── Listed entries

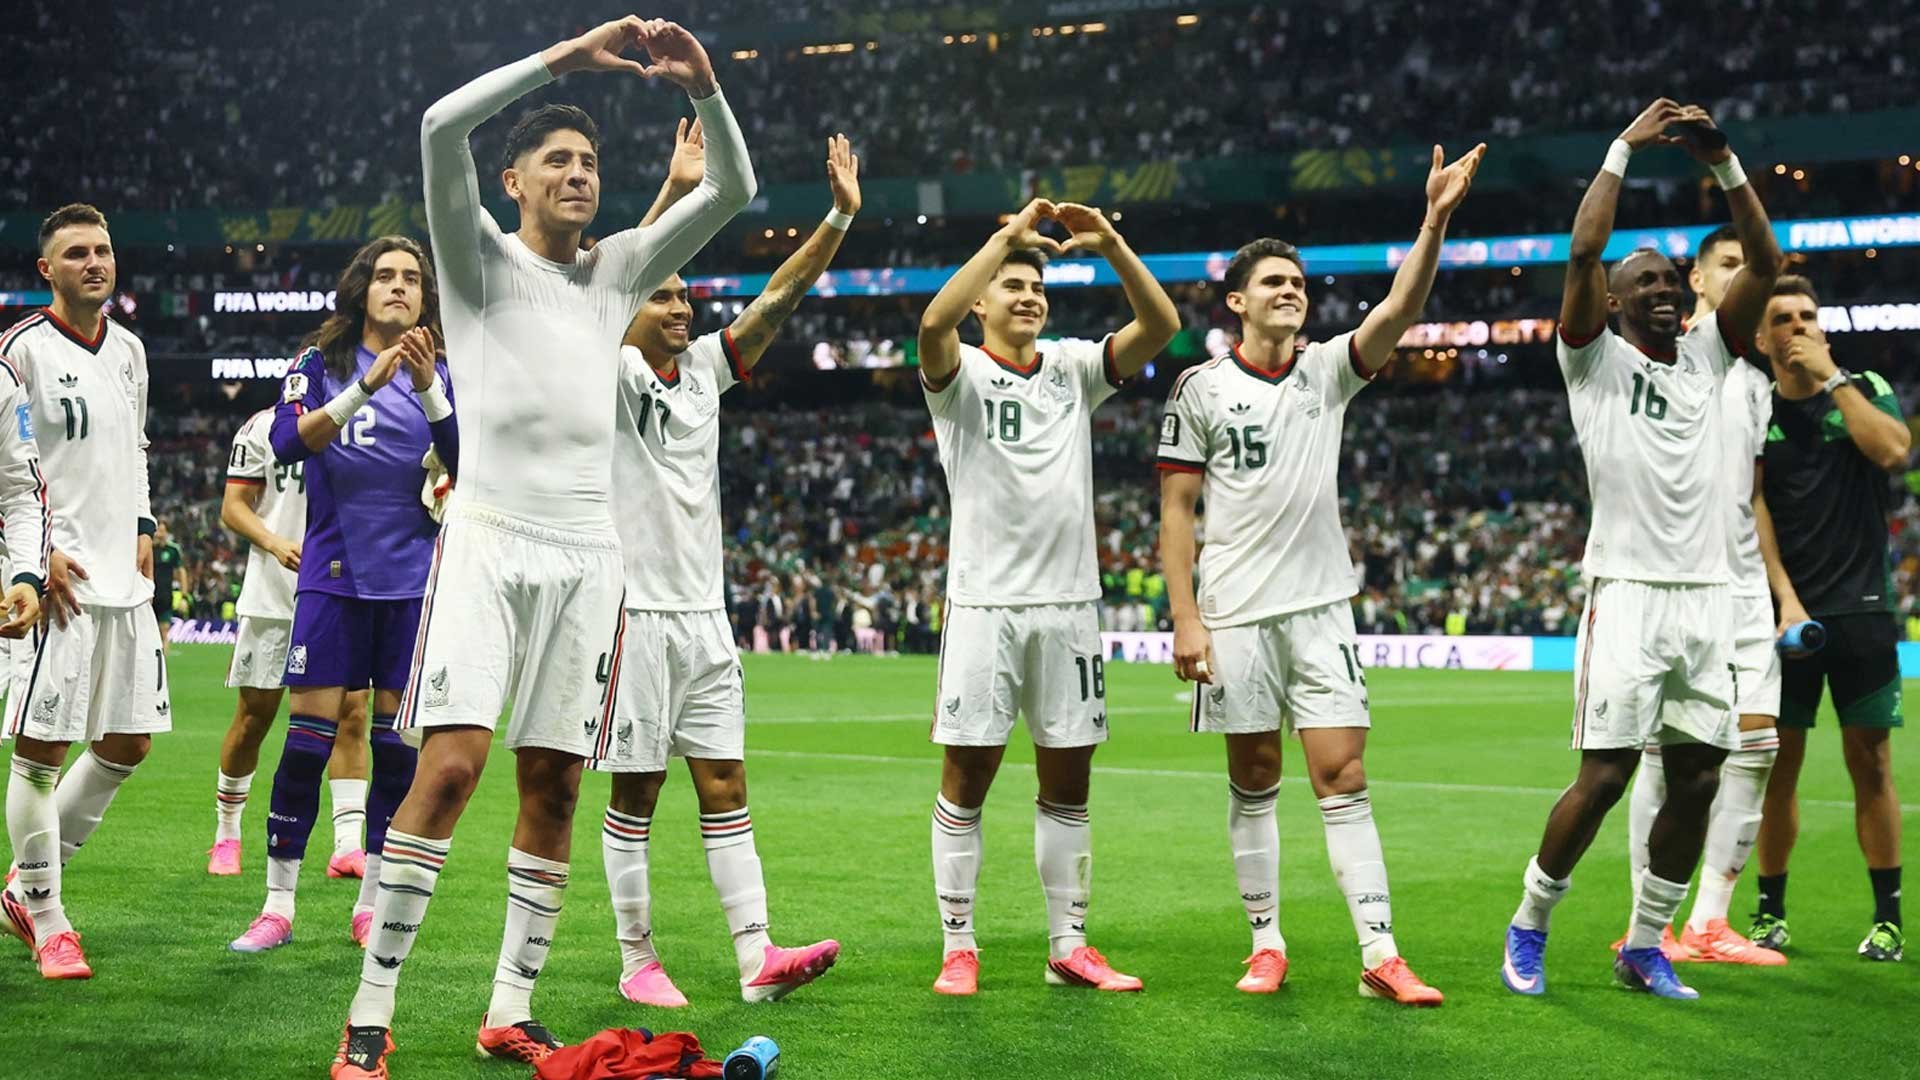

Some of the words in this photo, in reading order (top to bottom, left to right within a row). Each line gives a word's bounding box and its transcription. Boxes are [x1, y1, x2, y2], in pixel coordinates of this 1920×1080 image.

[1789, 221, 1850, 248] FIFA
[1850, 215, 1920, 246] WOR
[214, 291, 256, 312] FIFA
[256, 291, 325, 312] WORLD
[1850, 303, 1920, 332] WOR
[211, 358, 255, 379] FIFA
[1630, 372, 1668, 421] 16
[59, 396, 88, 440] 11
[340, 404, 377, 446] 12
[637, 393, 671, 445] 17
[984, 399, 1021, 442] 18
[1226, 425, 1267, 470] 15
[167, 616, 237, 645] Michelo
[1374, 643, 1464, 669] RICA
[1075, 654, 1105, 702] 18
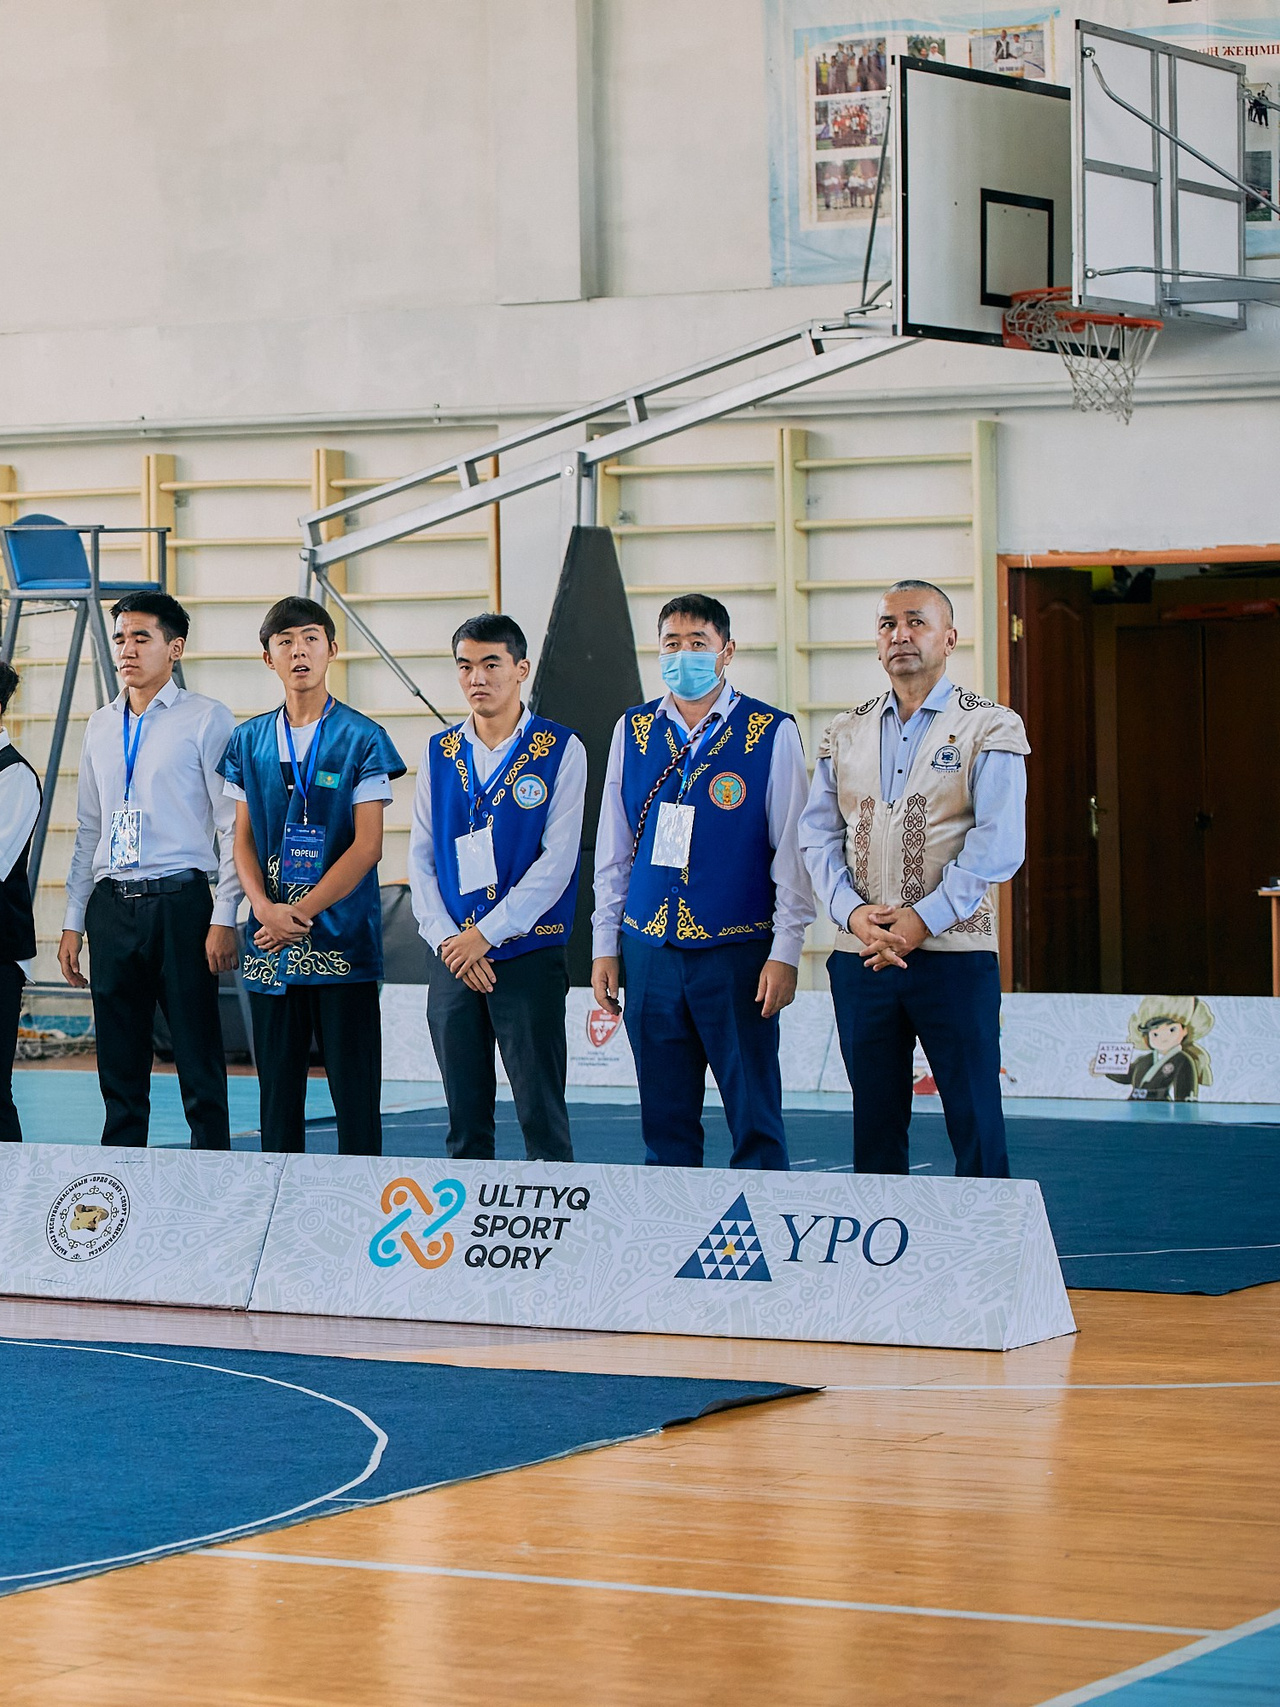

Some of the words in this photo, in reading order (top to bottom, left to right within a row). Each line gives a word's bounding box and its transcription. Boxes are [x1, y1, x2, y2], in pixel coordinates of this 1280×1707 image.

[1098, 1053, 1129, 1065] 8-13
[478, 1184, 590, 1211] ULTTYQ
[470, 1214, 571, 1240] SPORT
[779, 1214, 909, 1267] YPO
[464, 1244, 553, 1270] QORY

────

* _What the task asks_
Each entry must be retyped word for word, with every image omitted.

* _Exercise output_
Some of the words in this photo, in reading order (top to bottom, left to right within a row). Each line gives a word's bounding box and its transcription. Boxes are [x1, y1, x2, y2], in pixel coordinates of this 1920×1080 image.

[1789, 221, 1850, 248] FIFA
[1850, 215, 1920, 246] WOR
[214, 291, 256, 312] FIFA
[256, 291, 325, 312] WORLD
[1850, 303, 1920, 332] WOR
[211, 358, 255, 379] FIFA
[1630, 372, 1668, 421] 16
[59, 396, 88, 440] 11
[340, 404, 377, 446] 12
[637, 393, 671, 445] 17
[984, 399, 1021, 442] 18
[1226, 425, 1267, 470] 15
[167, 616, 237, 645] Michelo
[1374, 643, 1464, 669] RICA
[1075, 654, 1105, 702] 18

Some of the words in this photo, in reading order (top to bottom, left to right within a row). Each line gives a word's bounding box and its transcription. Boxes are [x1, y1, x2, y2], in pixel coordinates of this 1280×1707 image.

[1098, 1053, 1129, 1065] 8-13
[478, 1184, 590, 1211] ULTTYQ
[470, 1214, 571, 1240] SPORT
[779, 1214, 909, 1267] YPO
[464, 1244, 553, 1270] QORY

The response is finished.